▸ Required work: Every line of the data below should be printed exactly.

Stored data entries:

○ ○ ○

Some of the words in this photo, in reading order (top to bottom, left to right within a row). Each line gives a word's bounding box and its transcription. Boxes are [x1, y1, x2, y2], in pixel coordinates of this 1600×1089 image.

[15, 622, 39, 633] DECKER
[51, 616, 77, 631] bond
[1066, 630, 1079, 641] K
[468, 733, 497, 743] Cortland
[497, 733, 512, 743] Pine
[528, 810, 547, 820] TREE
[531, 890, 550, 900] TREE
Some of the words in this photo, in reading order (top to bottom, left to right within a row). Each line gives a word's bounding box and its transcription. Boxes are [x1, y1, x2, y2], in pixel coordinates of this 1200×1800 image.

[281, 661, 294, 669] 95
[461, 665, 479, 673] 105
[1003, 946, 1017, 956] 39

○ ○ ○

▸ Solution to this exercise:
Some of the words in this photo, in reading order (top to bottom, left to right within a row). Each line gives a word's bounding box and its transcription. Boxes are [x1, y1, x2, y2], in pixel coordinates of this 1600×1089 image.

[15, 622, 39, 633] DECKER
[51, 616, 77, 631] bond
[1066, 630, 1079, 641] K
[468, 733, 497, 743] Cortland
[497, 733, 512, 743] Pine
[528, 810, 547, 820] TREE
[531, 890, 550, 900] TREE
Some of the words in this photo, in reading order (top to bottom, left to right within a row). Each line gives a word's bounding box and its transcription. Boxes are [x1, y1, x2, y2], in pixel coordinates of this 1200×1800 image.

[281, 661, 294, 669] 95
[461, 665, 479, 673] 105
[1003, 946, 1017, 956] 39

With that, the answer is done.